Ask Amy: Sparks fly when a “questioner” meets an “obliger”

Dear Amy: My husband is a great guy, who also happens to be a “questioner,” as per Gretchen Ruben’s book “The Four Tendencies: The Indispensable Personality Profiles That Reveal How to Make Your Life Better (and Other People’s Lives Better, Too) (2017, Harmony).

I understand that he processes things by questioning them, but it can be a bit much. We’ve talked about it, but a zebra can’t change its stripes, while I’m left wishing he’d at least develop an awareness of those stripes.

This morning he came into the kitchen while I was eating breakfast and working a crossword puzzle, and he asked if it was going to rain all day. Then he asked what time that night’s party was taking place. Then he asked why it would start so late. Then he asked if it was because the couple was working that day.

Meanwhile, I was trying to find a four-letter word for: “you’re driving me crazy.”

I admit, I kind of snapped. Then he left the room, muttering that he didn’t want to be around me if I was going to be “like that.”

It annoys me that this type of interaction always comes down to him being the nice guy, me being the grouch. But isn’t he being a bit rude too?

I do appreciate that my guy’s trying to interact with me, but where’s the balance? He might never learn to ask fewer questions — so, how do I bear it when he asks too many?

– Don’t Ask Me

Dear Don’t Ask Me: I appreciate the fact that you have conducted your own inquiry into your husband’s personality type. Categorizing him as a “questioner” gives you some insight.

I wonder why he hasn’t done the same in order to understand you better?

You also don’t say what category you fit into. Perhaps you are an “obliger,” which according to this metric means that you, for instance, might feel compelled to immediately answer questions just because they are asked without regard to your own self-interests. Then you “snap,” because you resent the interruption.

The most obvious solution is for you to discipline yourself enough to say, “Honey, can you hang on for a minute? I want to concentrate on this until I’m at a stopping point.” (Pre-empting him with a neutral attitude will help you to avoid being “like that” later.)

And your husband will need to discipline himself enough to delay his queries until you are ready to give him your attention.

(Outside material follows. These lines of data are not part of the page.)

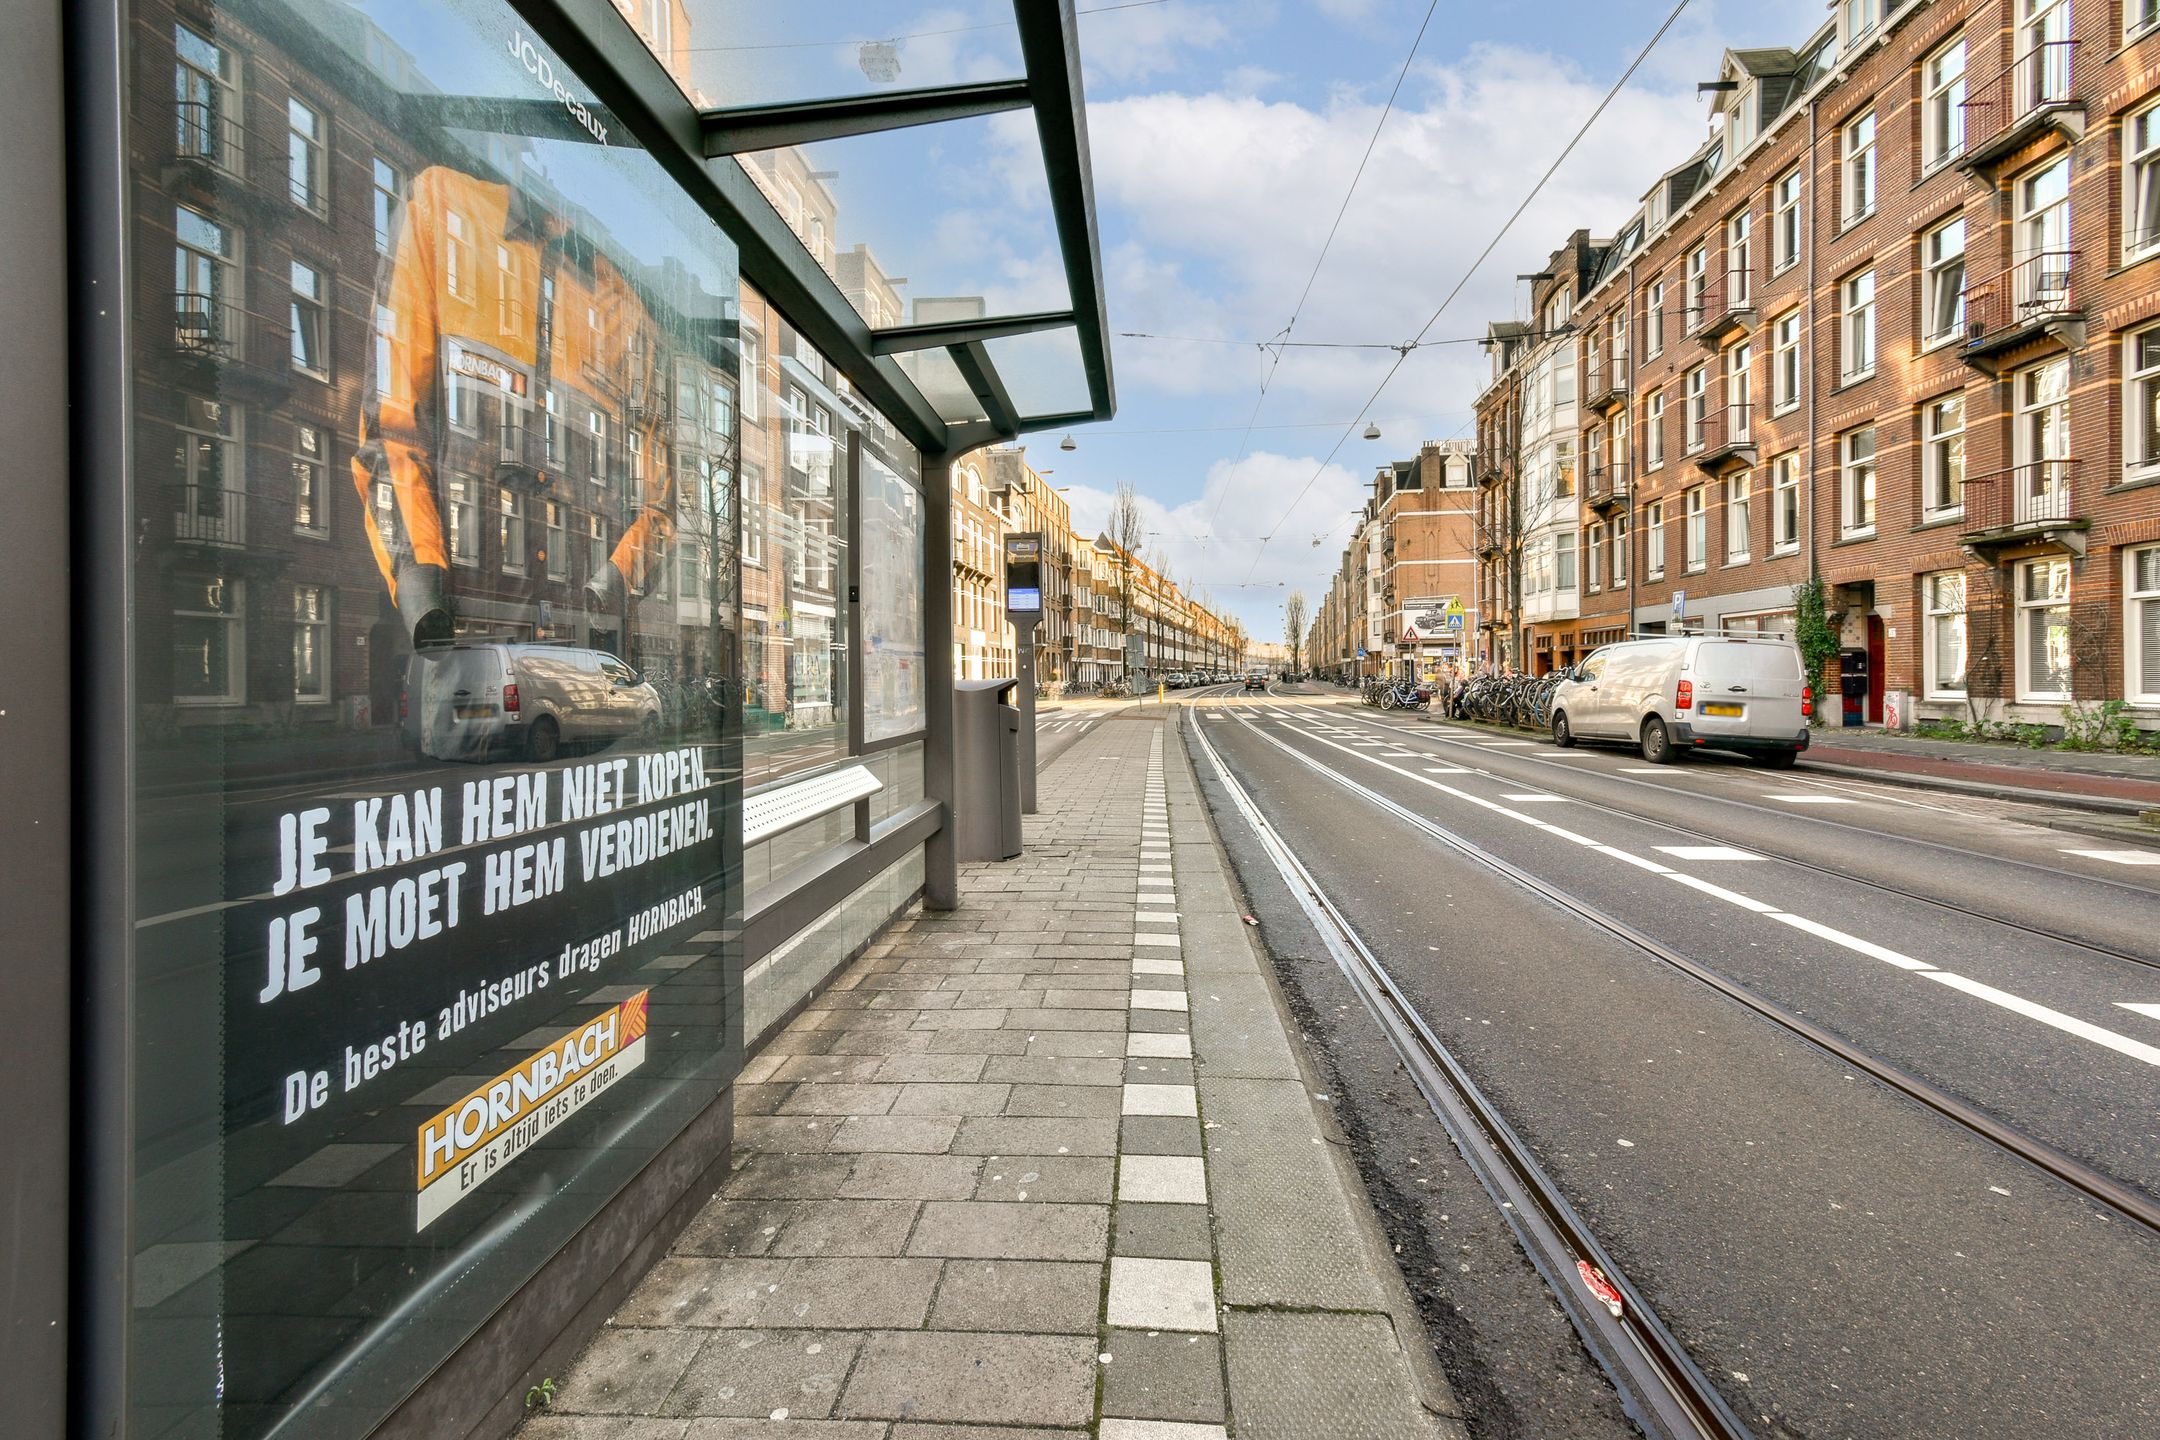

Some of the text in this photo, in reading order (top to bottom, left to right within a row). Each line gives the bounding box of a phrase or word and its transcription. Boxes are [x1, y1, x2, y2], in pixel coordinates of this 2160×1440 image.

[507, 30, 608, 146] JCDecaux
[273, 747, 711, 897] JE KAN HEM NIET KOPEN.
[259, 798, 713, 1004] JE MOET HEM VERDIENEN.
[284, 885, 707, 1125] De beste adviseurs dragen HORNBACH.
[423, 1014, 617, 1179] HORNBACH
[459, 1063, 619, 1192] Er is altijd iets te doen.
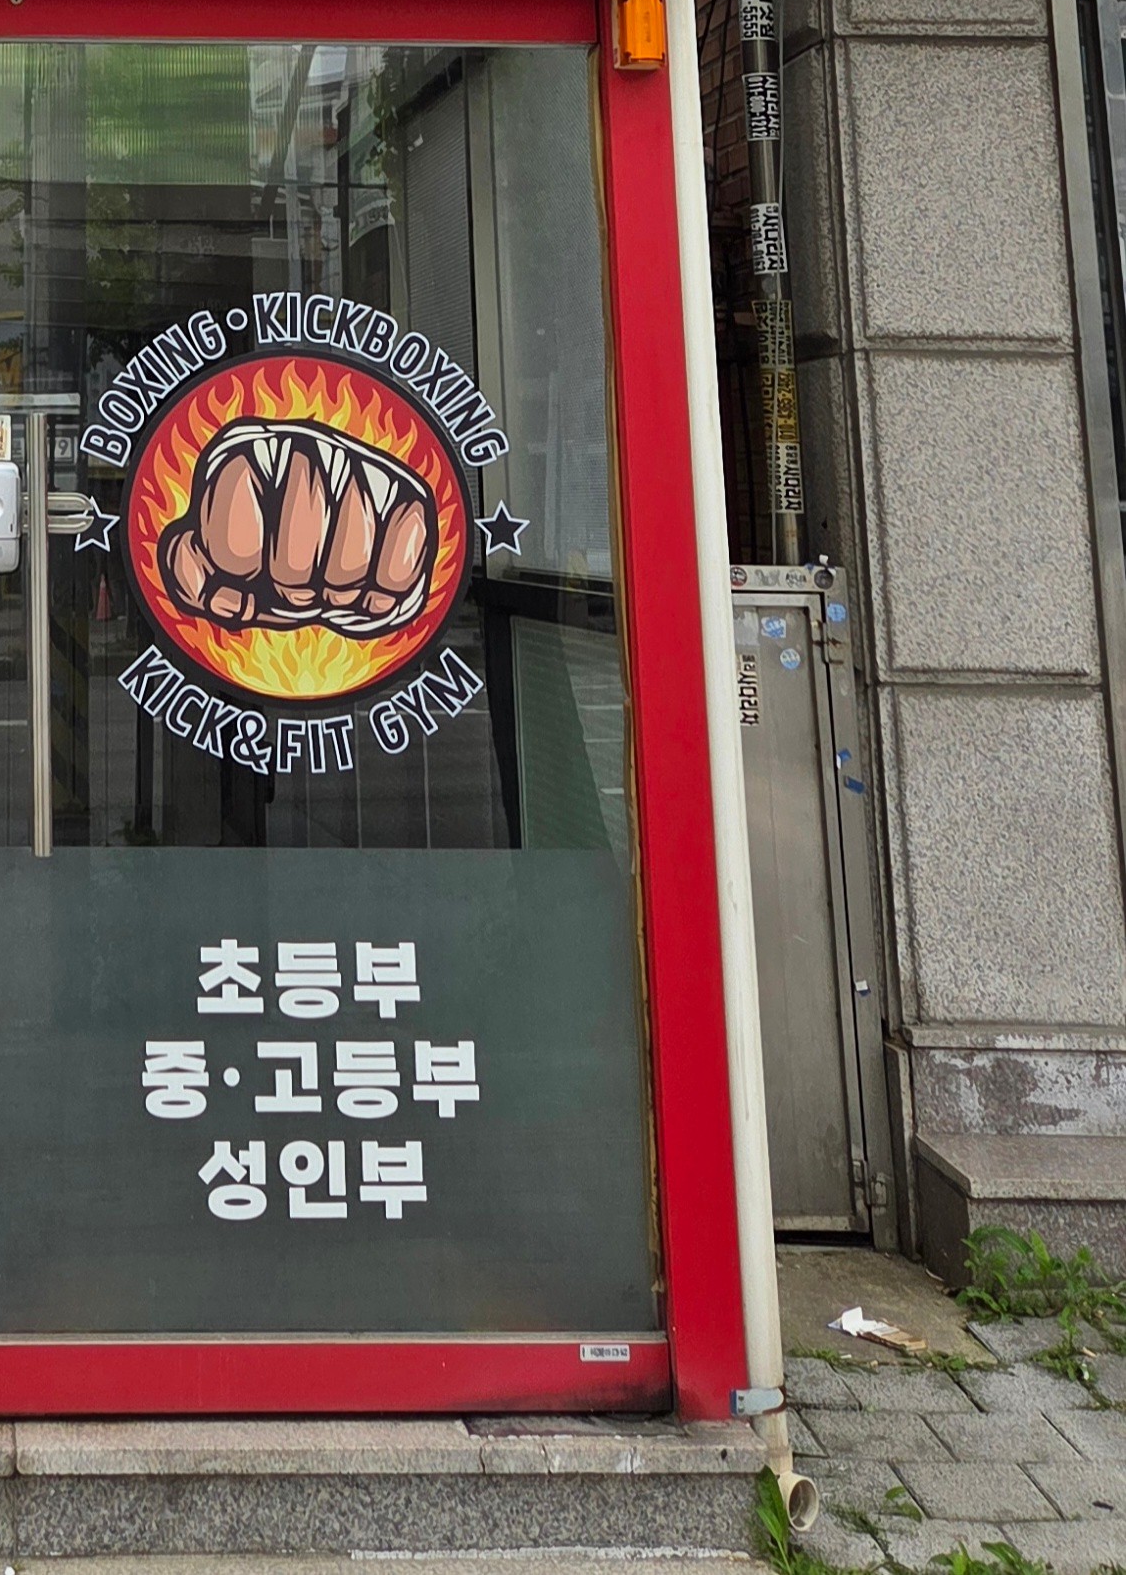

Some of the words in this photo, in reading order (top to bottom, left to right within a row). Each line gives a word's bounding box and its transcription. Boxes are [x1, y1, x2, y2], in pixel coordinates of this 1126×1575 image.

[370, 648, 485, 756] GYM
[197, 938, 420, 1018] 초등부
[198, 1140, 427, 1220] 성인부

(By the way, according to Rubin’s theory, I am also an “obliger,” and I often wish I wasn’t.)

Dear Amy: I am worried that the pandemic has affected my kids’ social skills. After over a year of home-schooling, etc., my three elementary age schoolchildren seem to have lost interest in going out in the world.

Do you have suggestions?

– Concerned Dad

Dear Dad: I would be shocked if the pandemic had not affected your kids’ social skills (it has certainly affected my own…).

These children have been isolated, sometimes frightened, and yanked back and forth through the ups and downs of this worldwide health crisis – and all at a time when they are still growing and developing.

Thoughtful parents like you should respond with patience, encouragement, and oh-so-gentle nudging.

You might start by going on an outing as a family that will take you in safe proximity to other children – a visit to a local playground or out for ice cream.

Rebuild their social schedules by gradually returning to worship services, groups, clubs, sports and camps.

Building social skills takes practice; offer them opportunities to do that.

Be very patient and answer all of their questions to the best of your ability.

Dear Amy: I’m adding to your advice to “Widower,” whose family thinks he’s moving too fast after his wife died.

My father adored my mother for their 53 years of marriage until she died, and he grieved her loss until the day he died. And I was happy for him when he started asking women out for dinner about four months after her death. Several months later, he asked out an old acquaintance, and they immediately became loving partners. I thought it was a testament to his love for Mom that he wanted to love again.

I believe that the human heart has an unlimited capacity to love. My advice to Widower is to let your heart be your guide.

– Leigh

Dear Leigh: This is beautiful. Your attitude is a tribute to both of your parents.